Что ж делать теперь? Супружеское ложе тошней дыбы и костра. Написать сеньору письмо, просить, чтобы их развели? Только если бы она сумела доказать, что он несостоятелен в постели или не может дать ей ребенка. Тогда бы она могла получить при разводе свое приданое и уйти в общину Добрых христиан. Но кто ей поверит? Скорей уж бесплодной признают ее, а не его. Добыть свидетельство врача?

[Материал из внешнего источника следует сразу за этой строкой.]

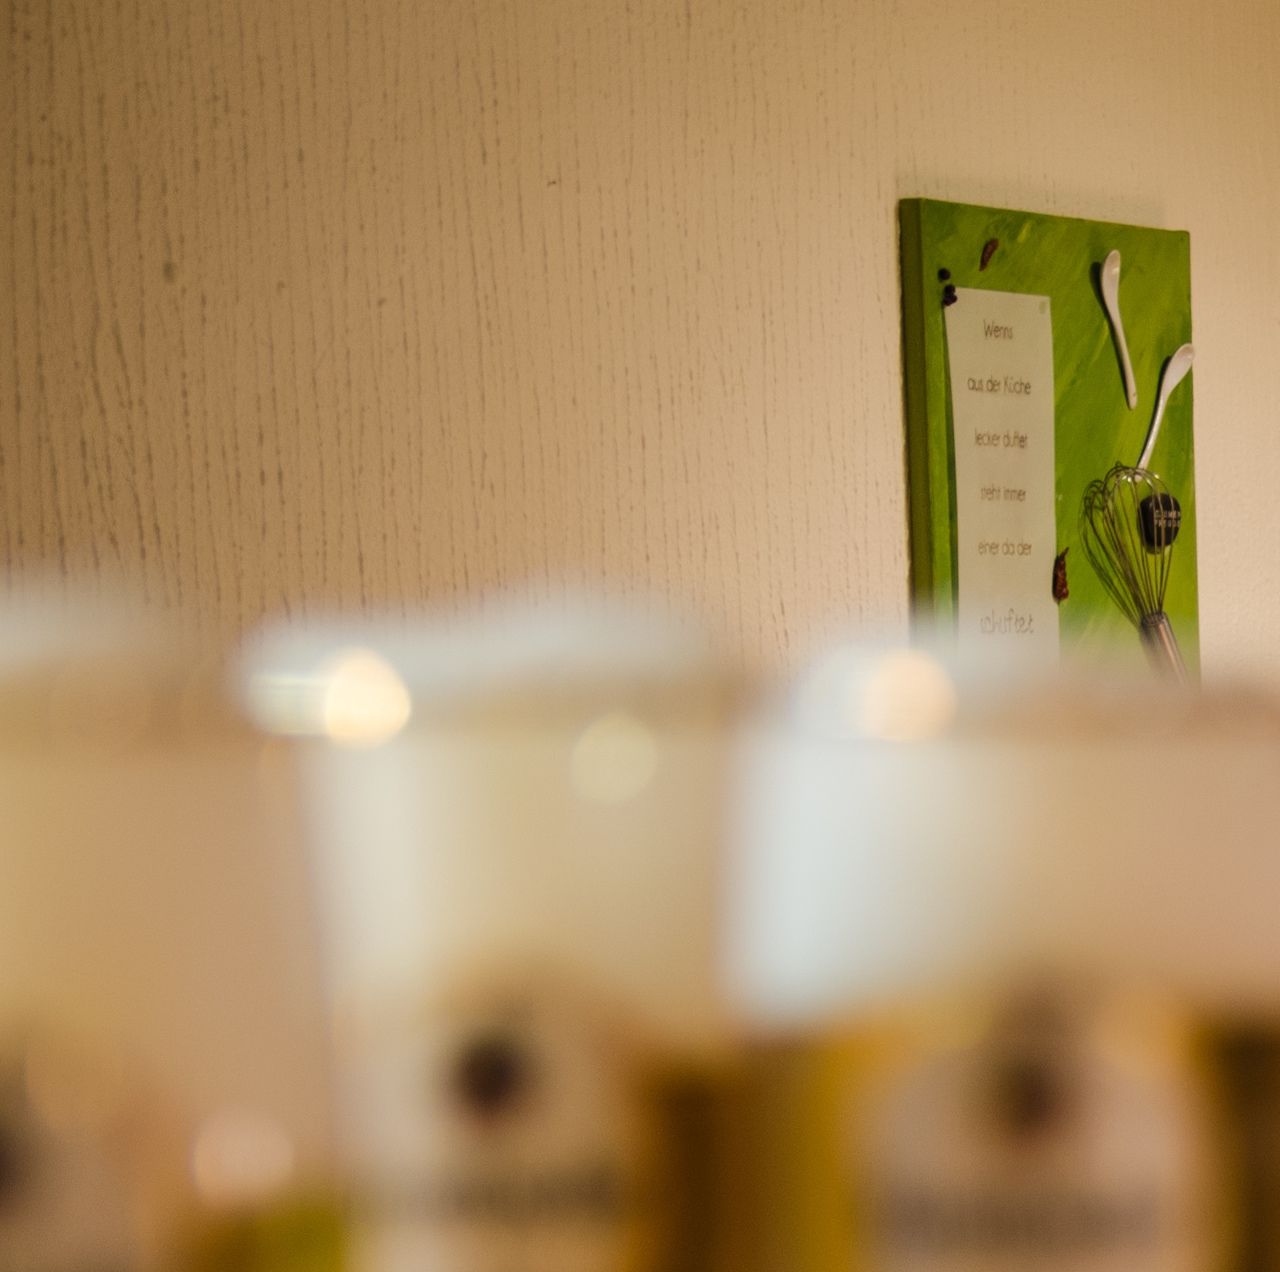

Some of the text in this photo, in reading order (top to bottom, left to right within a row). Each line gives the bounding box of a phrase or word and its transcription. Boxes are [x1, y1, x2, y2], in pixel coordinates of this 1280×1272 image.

[983, 319, 1014, 340] Wenns
[967, 373, 1032, 396] aus der Küche
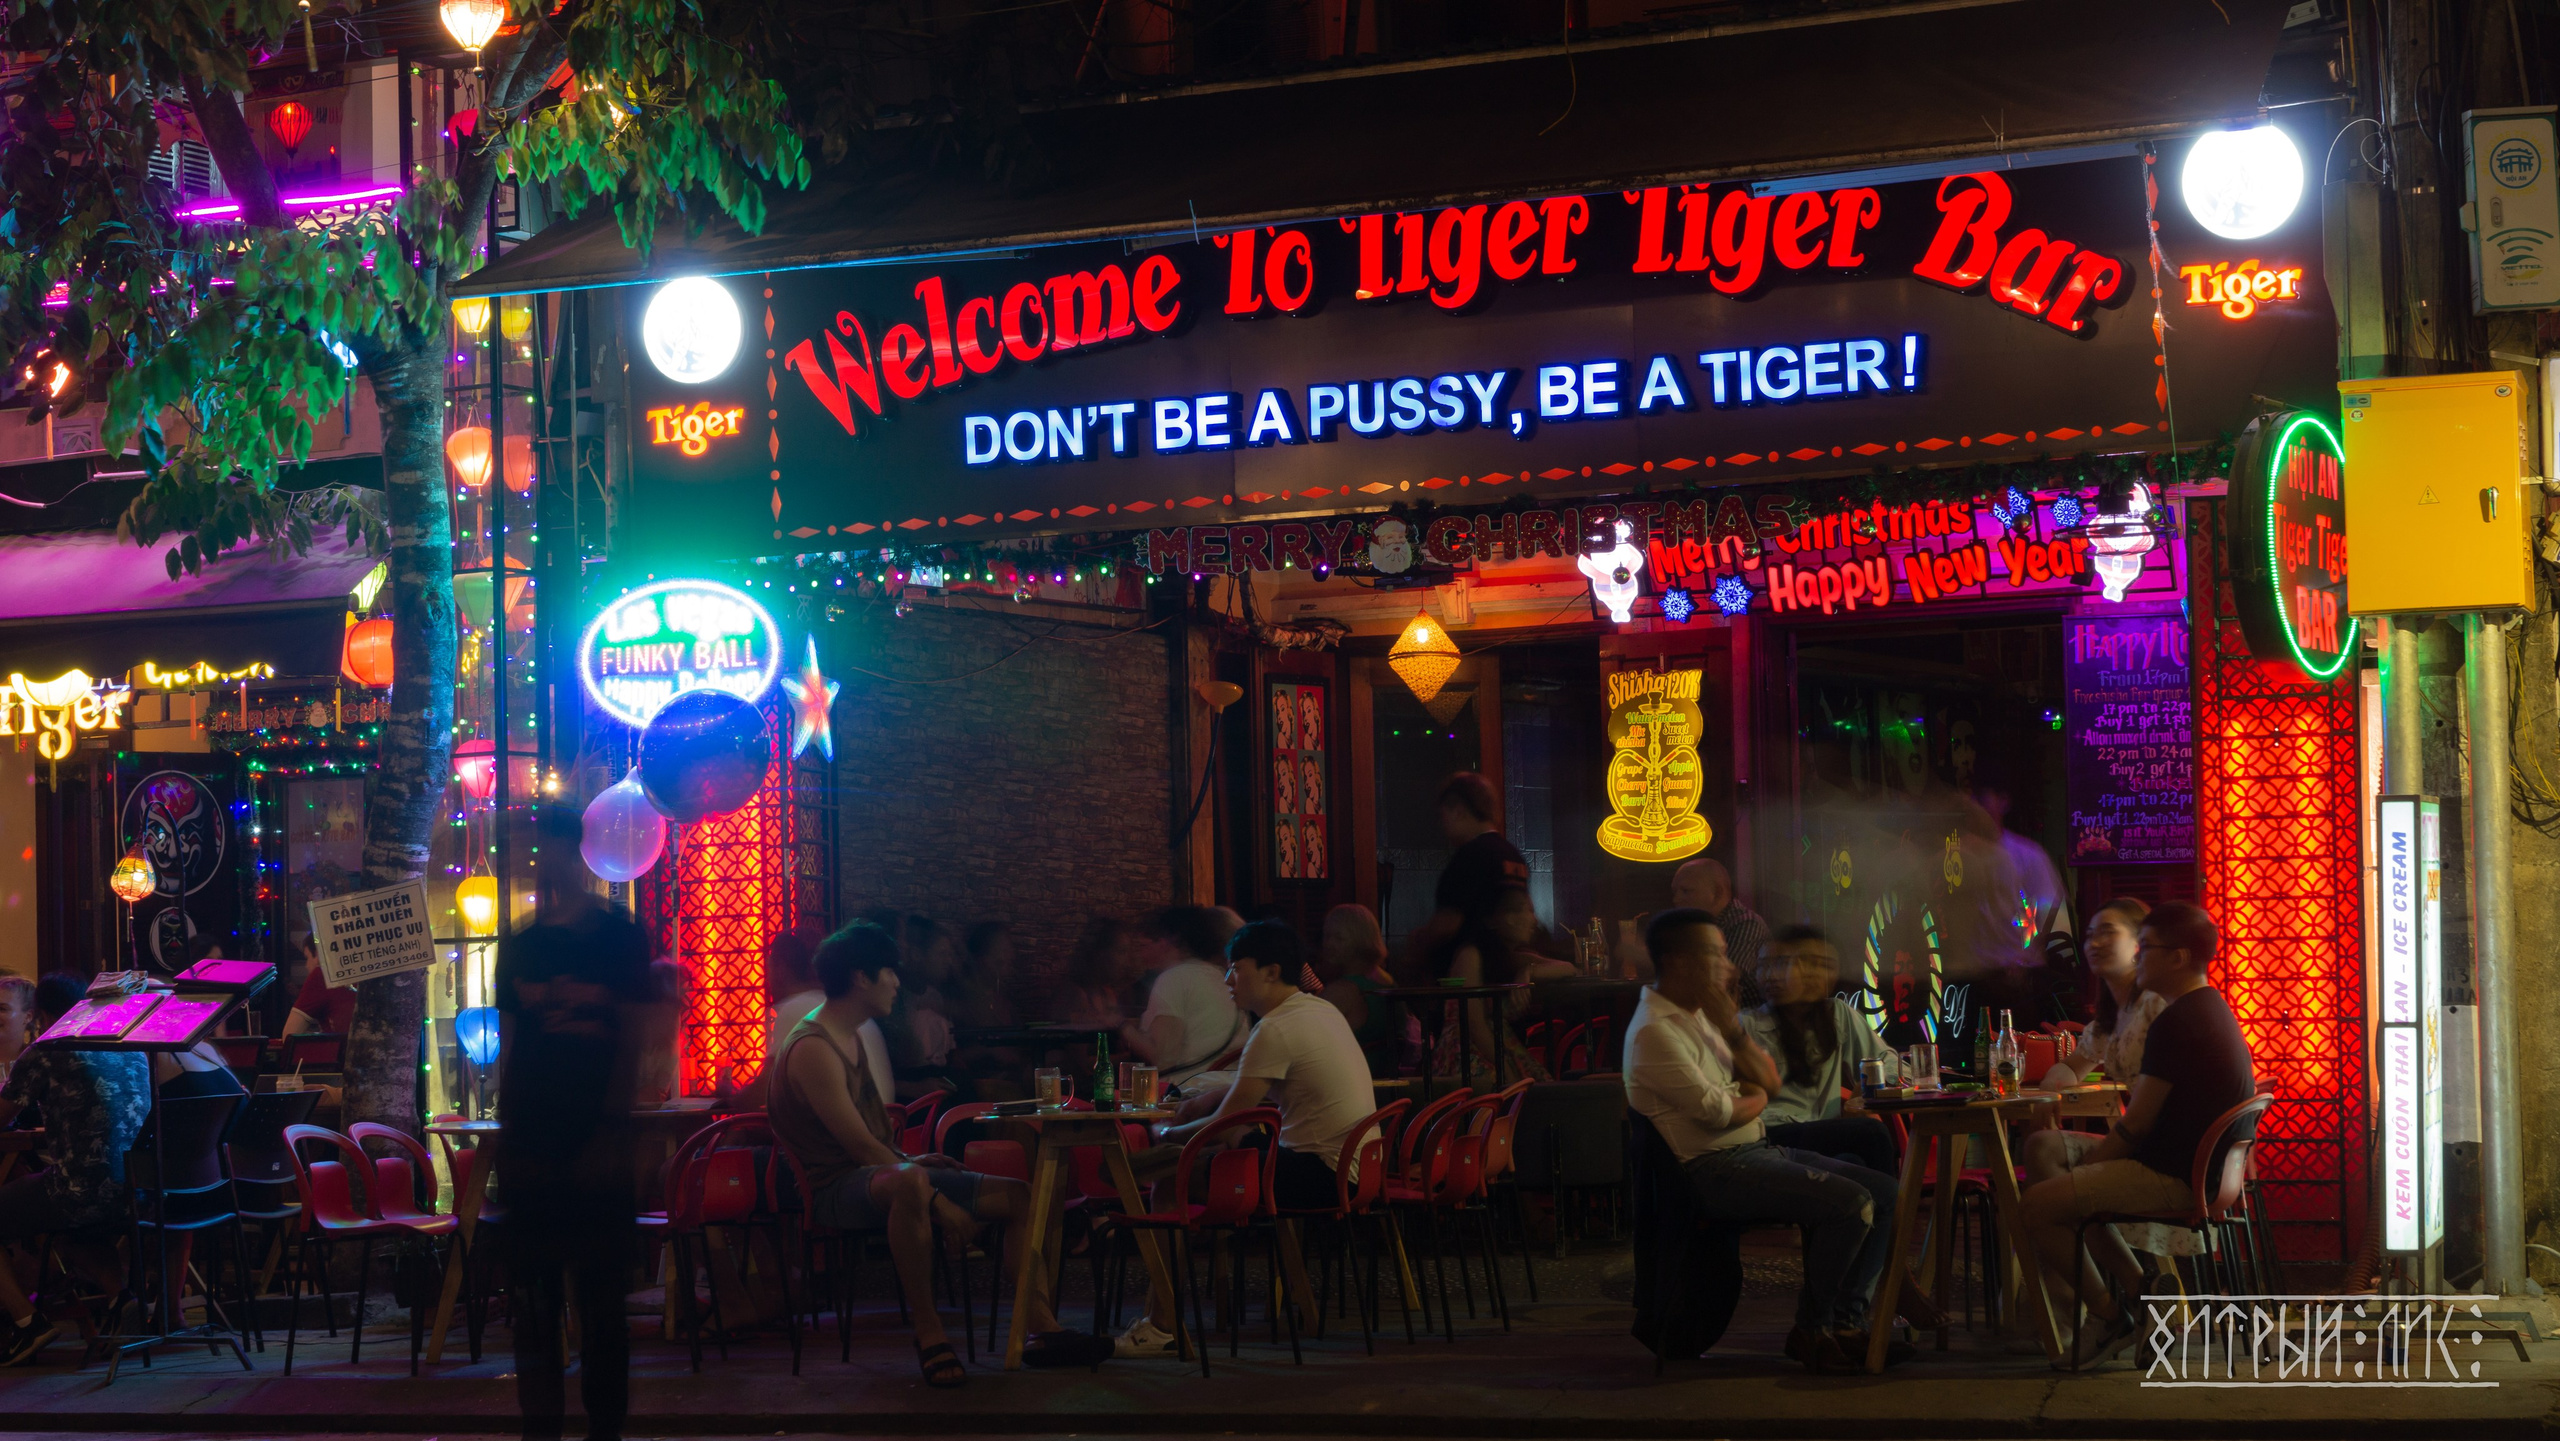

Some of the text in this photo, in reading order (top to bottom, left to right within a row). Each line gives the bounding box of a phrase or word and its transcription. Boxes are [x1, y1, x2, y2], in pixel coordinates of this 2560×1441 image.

Ромея Анастаса Мелантиса господин привез с собой из Византии. Приятная внешность, сдержанные манеры, умные глаза, непроницаемая вежливая улыбка на губах. Что его заставило покинуть родные края и отправиться вслед за франком? Не иначе как все потерял и теперь всем обязан милостям шевалье де Сан-Реми. Не станет ромей свидетельствовать против сира Гийома, без покровительства хозяина он здесь никто. И все же она пытается быть обходительной с врачом, выказывает ему свое расположение – в пределах пристойного, разумеется. И однажды Анна, набравшись смелости, приходит в его комнату, уставленную склянками, коробочками, колбами… глаза ее шарят по этим склянкам: в которой из них притаилась смерть? Анна спрашивает: Анастас, расскажи мне откровенно… о здоровье сира Гийома. Я очень беспокоюсь. Он так изменился, его раны плохо заживают, его лихорадит, он плохо спит, кричит по ночам. Как ты думаешь… он может иметь детей? Пожалуйста, не скрывай от меня ничего, мне надо знать… Ромей вежлив и уклончив, он рассказывает о здоровье господина, временами отводя глаза, и это о многом говорит Анне. Конечно, я надеюсь на окончательное выздоровление, но шевалье должен неукоснительно соблюдать предписания… Теперь уже Анна отводит глаза: ах, шевалье так своеволен, он никогда никого не слушал, боюсь, даже мне его не убедить, при всем моем старании. Анастас кланяется и умолкает, в углах губ – тонкая улыбка.
Теперь она уверена: кончина супруга – дело времени. У нее не хватает духа спросить ромея прямо: сколько ему осталось?
…Если бы не отец, а мальчик умер. Ведь умер другой, о котором она все еще иногда плачет во сне. И этот может. Утонуть во рву. Простыть в холодный зимний день. Попадет прямо в рай… Нет… нет! – она кричит в голос, ее крик пугает служанку. – Я не буду! Тебе меня не заставить! Кому это она? Никого нет рядом. Ребенок смеется…
Надо уйти отсюда, нельзя здесь оставаться. Есть в Провансе общины ее единоверцев. Нечего цепляться за этот дом. Столько сил, сколько жизни своей вложила в него! А теперь пора его оставить. Есть другая жизнь. Возможно, она будет бедна. Но лучше уж просить подаяние, есть хлеб и воду и носить лохмотья, чем так унижаться – или быть ежедневно терзаемой демонами.
…Говорю вам, – не заботьтесь для души вашей, что вам есть, ни для тела, во что одеться: душа больше пищи, и тело – одежды. Посмотрите на воронов: они не сеют, не жнут; нет у них ни хранилищ, ни житниц, и Бог питает их; сколько же вы лучше птиц? Посмотрите на лилии, как они растут: не трудятся, не прядут; но говорю вам, что и Соломон во всей славе своей не одевался так, как всякая из них… Ей кажется, она слышит голос отца Хосе.
Она не убьет ребенка. Но и расшибаться в лепешку, убеждая мужа выполнять предписания ромея, она не будет. Надо ждать. Она его похоронит... и будет свободна жить как хочет. Ждать. Быть терпеливой. Быть безупречной. Уже недолго осталось. Создатель милостив.

- Мой муж и господин, я умоляю Вас позволить мне совершить поездку в монастырь Монсеррат, что в Барселонских графствах. Я буду молиться у чудотворной статуи Божией Матери, чтобы помогла Вам исцелиться, а мне забеременеть...

Подальше отсюда.
Выбор номер два.
(Прошу прощения, что немного поиграла за Анастаса, но тут ничего особо важного, кажется, за него не решила.)